Personally I make the distinction, but I've noticed many many people do not, hence the question.

stevefan1999 · 6 years ago
Isn't it PCRE that we started to call it regex?
sacado2 · 6 years ago
One of the cool features of SAT problems is that they always terminate (if you're patient enough). Aren't regex, especially with backreferences, Turing-complete though? If so, they could be caught in an infinite loop, meaning they are more general than the SAT problem.
dmichulke · 6 years ago
Programming languages are more general than the problems they solve. (= feature, not bug)

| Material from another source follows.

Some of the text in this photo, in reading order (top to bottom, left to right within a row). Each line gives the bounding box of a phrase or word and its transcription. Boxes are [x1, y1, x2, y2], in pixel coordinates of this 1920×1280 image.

Still, yes, you can mess up your "add 1 to the input" program and make it run infinitely.

sacado2 · 6 years ago
Yeah, I meant it the other way, if those regexps are Turing-complete, not all of them have an equivalent CNF representation, contrarily to what the article seems to state in its first paragraph (and title).

That being said, regexps were not initially meant to be "programming languages", so I'm not sure about the "feature, not bug" part. I'd rather have a notation that would let me solve, for instance, the "HTML tag matching" problem and would be guaranteed to always terminate, than one that also lets me implement Conway's game of life.

klyrs · 6 years ago
That "popcnt1" is also known as a 1-hot constraint.

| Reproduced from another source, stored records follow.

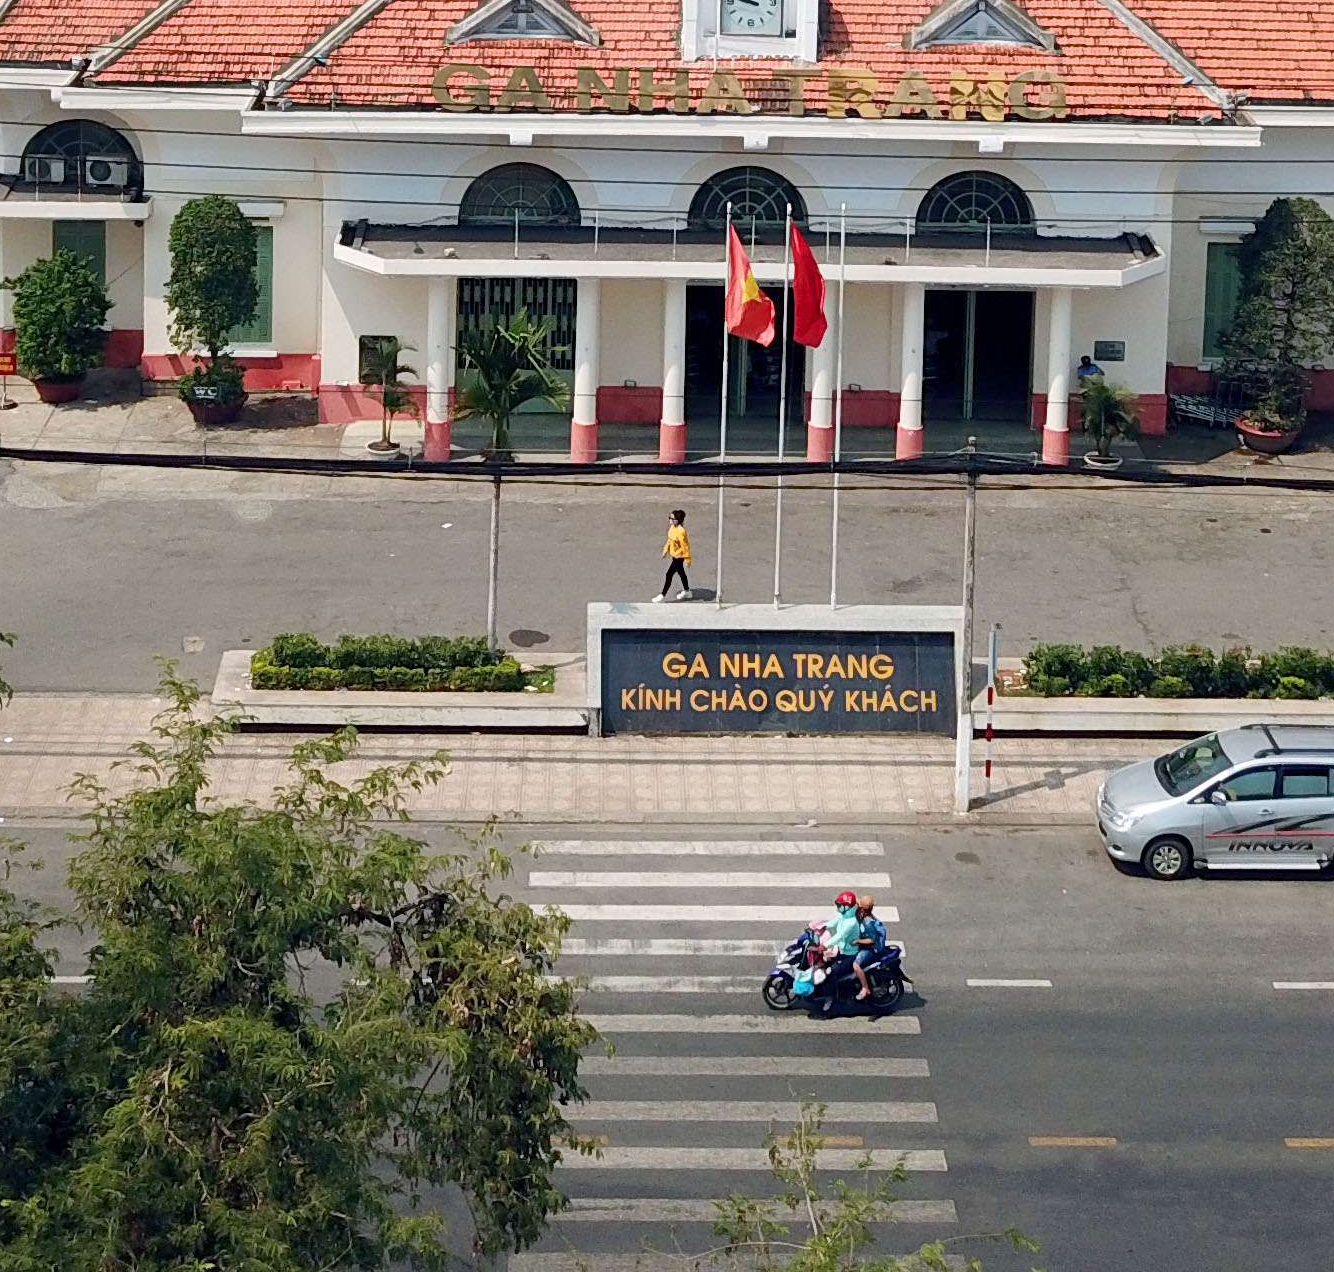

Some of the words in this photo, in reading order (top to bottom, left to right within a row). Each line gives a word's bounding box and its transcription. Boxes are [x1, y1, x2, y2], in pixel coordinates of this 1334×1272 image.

[432, 63, 555, 112] GA
[577, 66, 752, 115] NHA
[771, 68, 1067, 121] TRANG
[193, 386, 218, 396] WC
[662, 651, 711, 680] GA
[719, 652, 785, 680] NHA
[793, 653, 895, 681] TRANG
[621, 682, 681, 712] KÍNH
[689, 683, 768, 713] CHÀO
[775, 683, 834, 714] QUÝ
[845, 683, 938, 713] KHÁCH
[1228, 839, 1314, 852] INNOVA
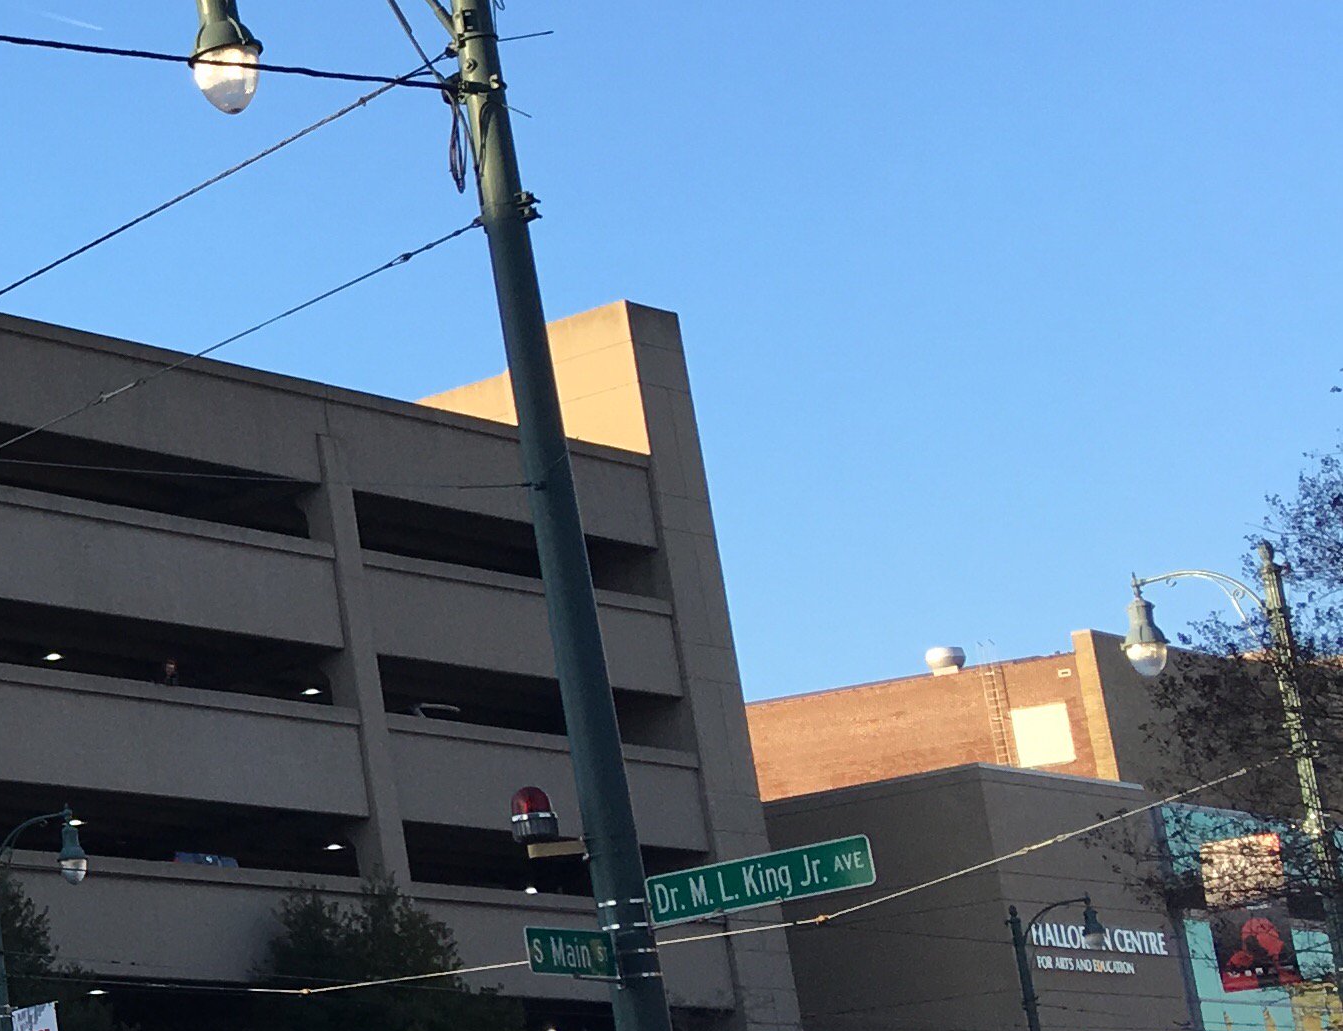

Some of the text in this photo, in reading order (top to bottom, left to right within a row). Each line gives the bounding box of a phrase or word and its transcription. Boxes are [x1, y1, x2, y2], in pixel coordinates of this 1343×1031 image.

[654, 851, 864, 914] Dr. M. L. King Jr. AVE
[532, 936, 608, 968] S Main ST
[1115, 928, 1169, 955] CENTRE
[1036, 955, 1136, 975] FOR ARTS AND EDUCATION

https://en.m.wikipedia.org/wiki/One-hot

punnerud · 6 years ago
time python3 solver.py fred.cnf

Took 9min and 10seconds on RPi 3 running Ubuntu 20.04. Consuming 100% CPU and 1% RAM (1024MB).

nurettin · 6 years ago
This is actually amazing. My python programs rarely run at 100% cpu, whereas C++ binaries are usually up there. Always thought python's inefficiency causes the drop in cpu utilization.
nromiun · 6 years ago
I don't know about how efficient it is but I have always been able to peg all cores with the multiprocessing module. Even something useless like "x * x" is more then enough for 800%.
ygra · 6 years ago
Python's regex implementation is probably not written in Python, so while it's trying to match, no Python code runs; it's all /C(++)?/.